### REQUIREMENT
A verbatim copy of the listing is needed; pictures are to be left out.

### PROVIDED INFORMATION

———

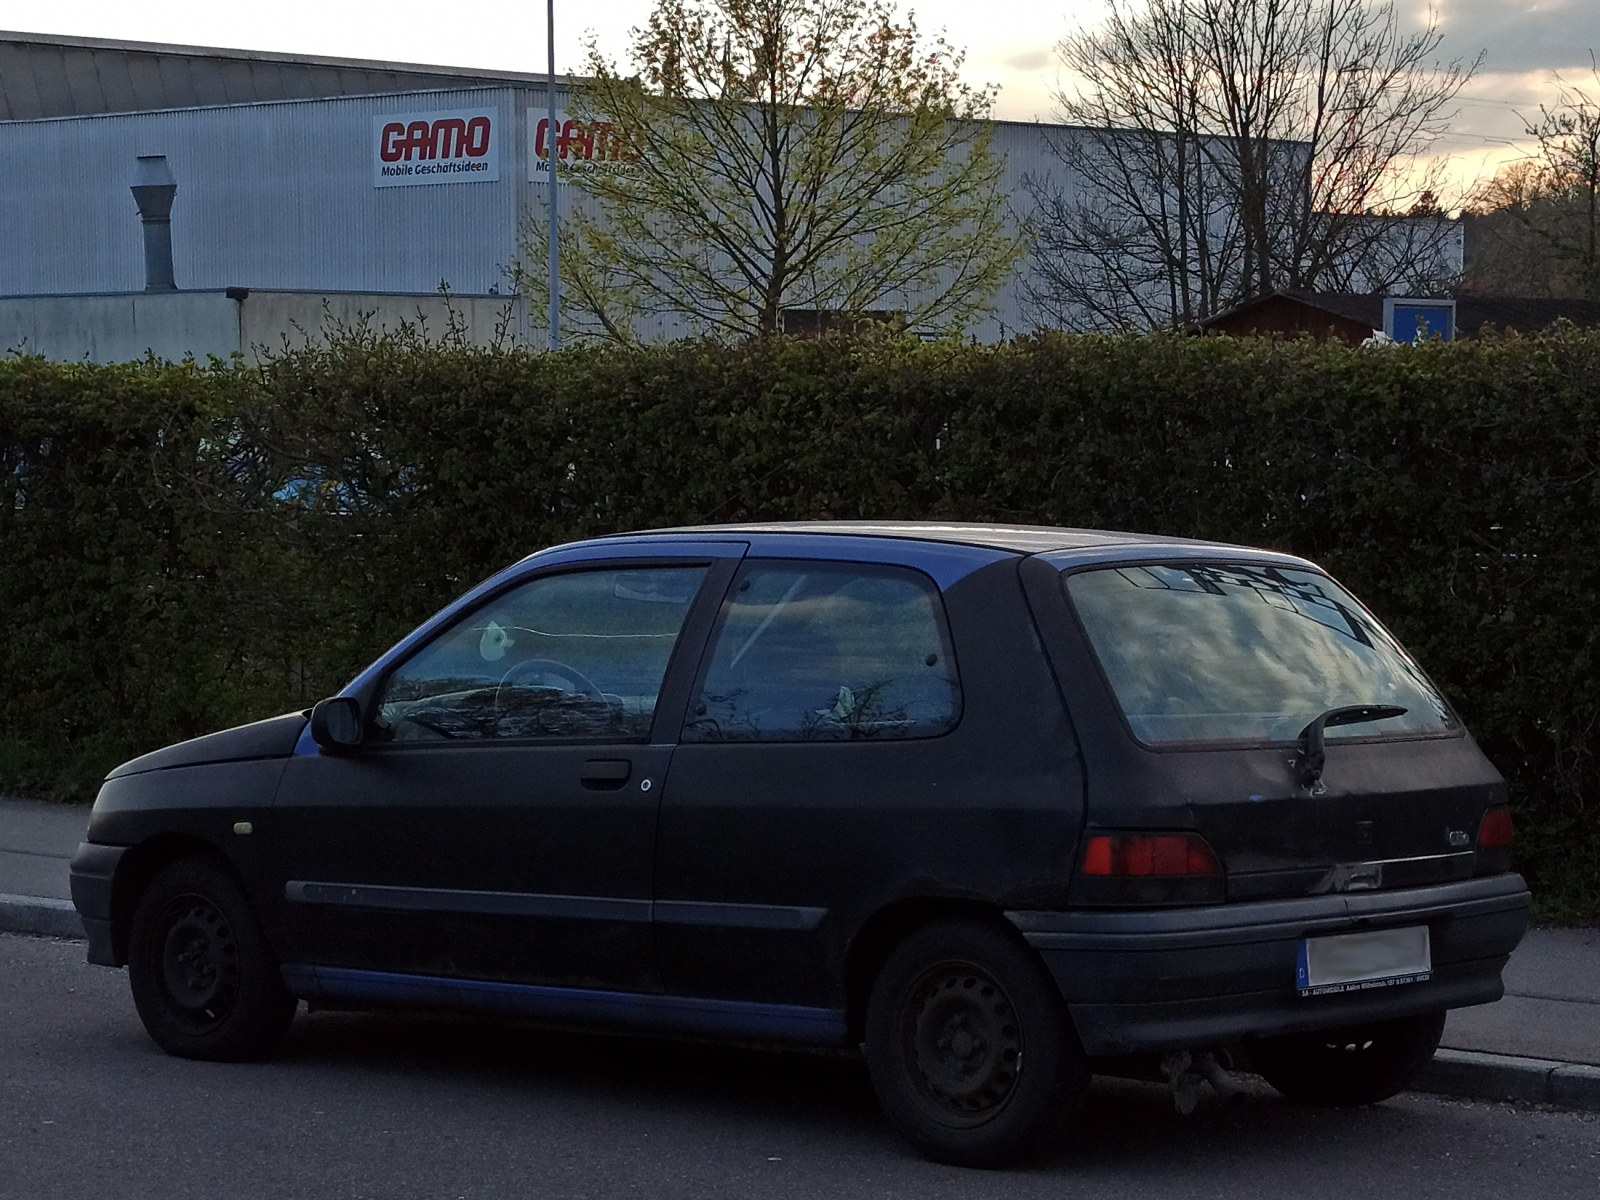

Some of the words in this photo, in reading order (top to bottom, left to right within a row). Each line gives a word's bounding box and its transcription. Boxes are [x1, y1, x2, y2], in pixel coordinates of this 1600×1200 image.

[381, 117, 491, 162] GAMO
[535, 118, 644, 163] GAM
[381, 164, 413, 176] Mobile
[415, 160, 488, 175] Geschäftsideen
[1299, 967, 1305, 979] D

———

### REPLY TO THE TASK
Some of the words in this photo, in reading order (top to bottom, left to right within a row). Each line gives a word's bounding box and its transcription. Boxes are [x1, y1, x2, y2], in pixel coordinates of this 1600×1200 image.

[381, 117, 491, 162] GAMO
[535, 118, 644, 163] GAM
[381, 164, 413, 176] Mobile
[415, 160, 488, 175] Geschäftsideen
[1299, 967, 1305, 979] D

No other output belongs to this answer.